It's not that people *want* to reduce pay and benefits. I for one don't want to see anyone screwed the way I got screwed with frozen pensions , retiree health insurance taken away, and total cumulative raises of 4% over the last 6 years.

The bottom line is that the steadily increasing gap between public and private sector employment deal is not sustainable. The deal the public sector gets is only as secure as the private sector's ability to fund it, and the more we get screwed, the less we can afford to pay to sustain your deal. It's that simple. I've said it before and I'd say it again: I'd rather bring the pendulum back toward equilibrium by bringing the private sector deal back up than by taking the public sector deal down, but I'd also say that advocates of govvies (teachers in particular for this discussion) won't get much support by painting the other side as a bunch of greedy and heartless folks who want to screw the children and those who teach them.

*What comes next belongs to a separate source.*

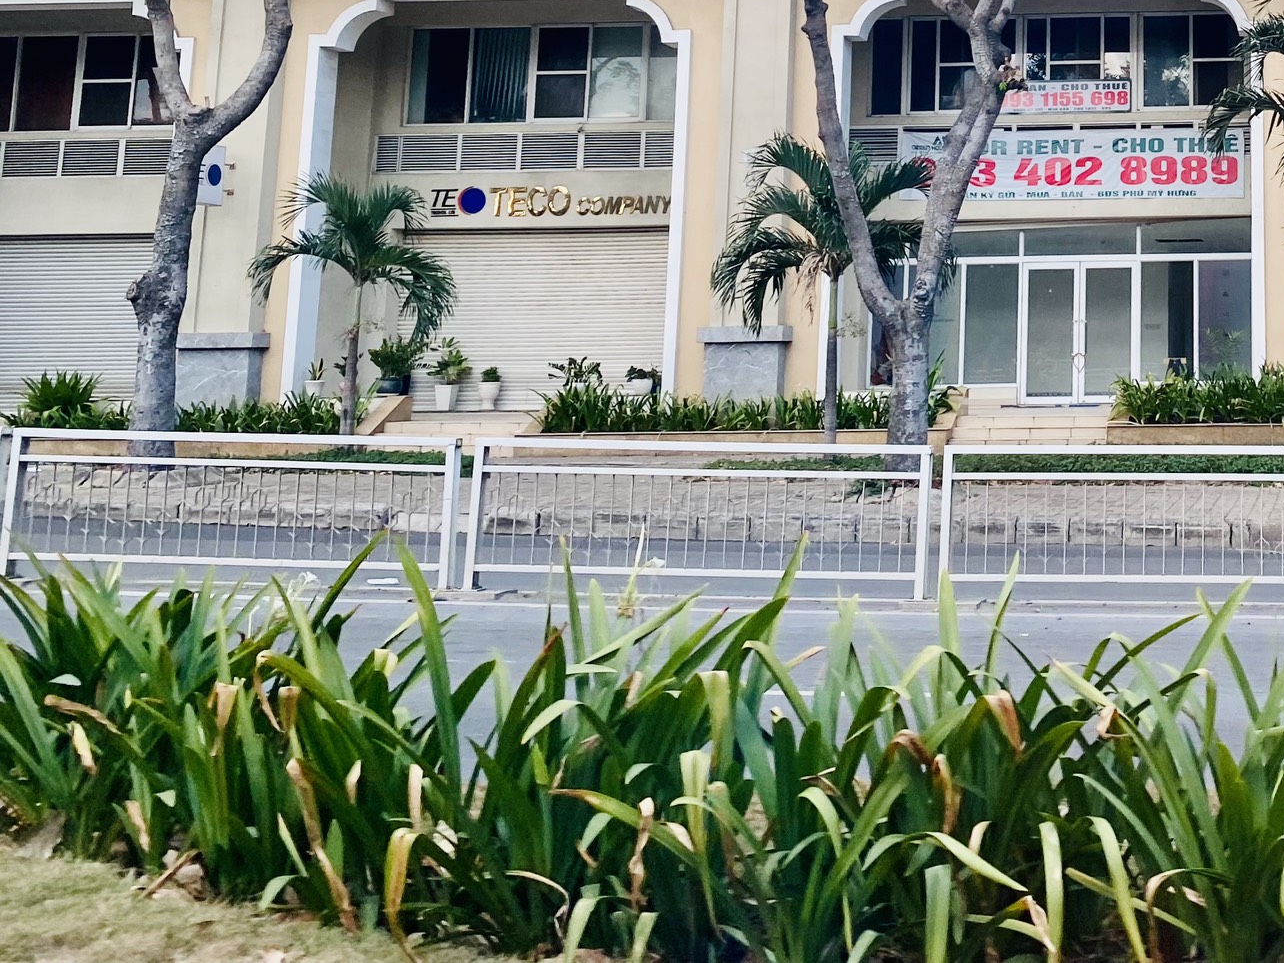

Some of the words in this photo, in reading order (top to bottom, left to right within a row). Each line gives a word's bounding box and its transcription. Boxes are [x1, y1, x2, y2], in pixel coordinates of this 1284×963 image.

At least try to understand why the backlash is growing, and help us restore the dream so the backlash will fade. As I said before, *we* aren't the ones who can demonstrate at corporate HQ like govvies can march on the state house. (Especially not non-union folks in right to work states.) It's not like the motivation is pure selfishness. But when our own ability to make ends meet is being threatened by unemployment and shrinking real wages, asking us for more money to help others when no one cared about the screwing we've been taking isn't a good way to win people over to your side.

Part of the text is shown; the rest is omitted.